ジグザグの通路を進みながら、マニアックに並べられた棚に無言で感謝の念を送った。もしこれらの棚が一直線に並んでいたら、1分ももたなかっただろう。まるで迷路の中のネズミのようだったが、この奇妙な、迷路のような形状は彼にチャンスを与えた。
彼は走りながら、何か使えそうなものを探した。ナイフさえ持っていなかったのだ。
乾電池...ノートブック...マーカー...ペン...ガム...挨拶状...(どれも役に立たないな)
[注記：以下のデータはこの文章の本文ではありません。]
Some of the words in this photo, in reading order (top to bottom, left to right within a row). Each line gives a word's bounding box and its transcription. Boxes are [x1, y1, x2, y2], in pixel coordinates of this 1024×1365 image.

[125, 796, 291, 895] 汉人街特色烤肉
彼は先がとがった取っ手のクシを見つけ、それを取った。足を止めずに、それをビニール袋から出してポケットに入れた。その時、エクアドルが「俺はこっちに行く、ジャマールはあっだ、デモントはこいつらを見てろ」と怒鳴っているのが聞こえた。
バンドエイド...アイスクリーム...ストレート・アイロン...(こんなのが使えるか? 使えないな)
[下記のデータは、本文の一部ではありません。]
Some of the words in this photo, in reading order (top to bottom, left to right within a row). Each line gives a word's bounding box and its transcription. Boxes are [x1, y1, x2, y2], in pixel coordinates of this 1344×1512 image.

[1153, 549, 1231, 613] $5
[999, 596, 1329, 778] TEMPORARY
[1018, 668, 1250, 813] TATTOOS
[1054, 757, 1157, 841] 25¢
ヘアカラー...加湿器...チートス...ビーフジャーキー...(おいおい!)
彼は通路を曲がって、バーベキュー・セット売り場に入った。イス...(役に立たない)傘...(これもダメだ)。ジャックは特大サイズのヘラを見つけ、それを手に取って振ってみた。重さも丁度いい、ステンレススチールの刃が付いていて、その反対側はノコギリ状になっていた。(これなら多少は対抗できるだろう)ブタン・マッチが束になっているものがあり、それも1つ掴んだ。このマッチの火では相手にダメージを与えなれないだろう。
(火か・・・)彼は上を見上げてスプリンクラー・システムを見た。ニューヨークのどんな店にも必ずあるものだった。火でスプリンクラーを稼働させれば消防局に警報が伝わるだろう。
(やるんだ)
彼はライター液の缶を掴み、棚に撒きはじめた。半分ほど使って液が床に流れてくると、マッチを手に取って・・・・
そのとき1発の銃声が響いた。弾丸が頭をかすめた。振り向くと、眉傷男(こいつがジャマールにちがいない)が10メートルほど先に立っていて、38口径でまた撃とうと構えていた。
「おい! 奴を見つけたぜ! こっちだ!」
ジャックは伏せて、2発目が飛んでくると同時に通路の角を曲がった。(あの手のクソ野郎の特有だ。まともに銃も撃てない)ジャマールが持ってるようなクズ鉄は接近戦には有効だった。
背後で足音がし、ジャックは棚のエンドキャップで立ち止まると背後の通路を覗き見た。誰もいない。彼は次の通路へとダッシュすると、その先は壁だった。3メートルほど右手にドアがあった。